◆ **Exercise details**
The reply should contain every entry below exactly as written, with no images.

-=-=-

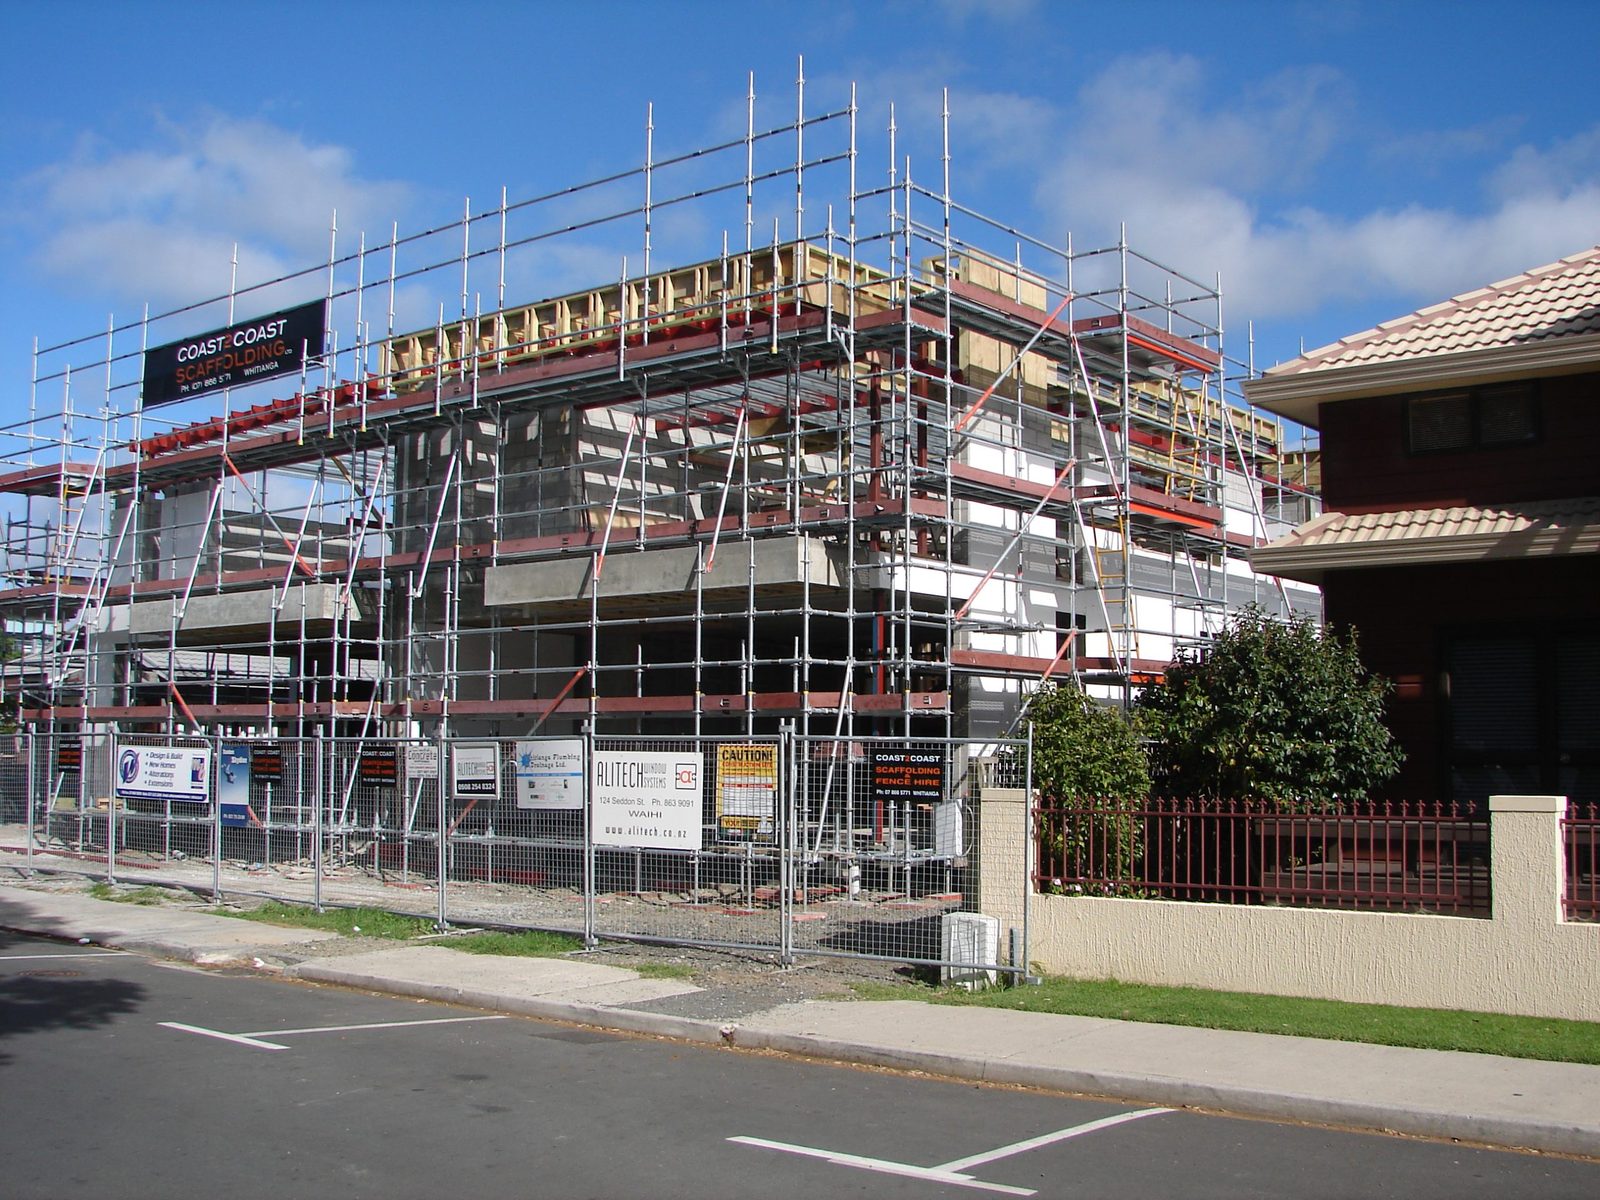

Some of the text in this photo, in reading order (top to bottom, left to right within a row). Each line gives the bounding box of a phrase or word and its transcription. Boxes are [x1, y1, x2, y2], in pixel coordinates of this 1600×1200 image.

[176, 340, 285, 383] SCAFFOLDING
[244, 361, 279, 377] WHITIANGA
[149, 752, 165, 760] Design
[170, 752, 183, 760] Build
[553, 753, 580, 761] Plumbing
[722, 750, 773, 762] CAUTION!
[644, 762, 667, 774] WINDOW
[875, 766, 940, 775] SCAFFOLDING
[597, 761, 644, 788] ALITECH
[643, 777, 667, 789] SYSTEMS
[612, 797, 635, 806] Seddon
[664, 799, 676, 807] 863
[628, 810, 662, 818] WAIHI
[605, 826, 687, 838] www.alitech.co.nz

-=-=-

◆ **Solution to the exercise**
Some of the text in this photo, in reading order (top to bottom, left to right within a row). Each line gives the bounding box of a phrase or word and its transcription. Boxes are [x1, y1, x2, y2], in pixel coordinates of this 1600×1200 image.

[176, 340, 285, 383] SCAFFOLDING
[244, 361, 279, 377] WHITIANGA
[149, 752, 165, 760] Design
[170, 752, 183, 760] Build
[553, 753, 580, 761] Plumbing
[722, 750, 773, 762] CAUTION!
[644, 762, 667, 774] WINDOW
[875, 766, 940, 775] SCAFFOLDING
[597, 761, 644, 788] ALITECH
[643, 777, 667, 789] SYSTEMS
[612, 797, 635, 806] Seddon
[664, 799, 676, 807] 863
[628, 810, 662, 818] WAIHI
[605, 826, 687, 838] www.alitech.co.nz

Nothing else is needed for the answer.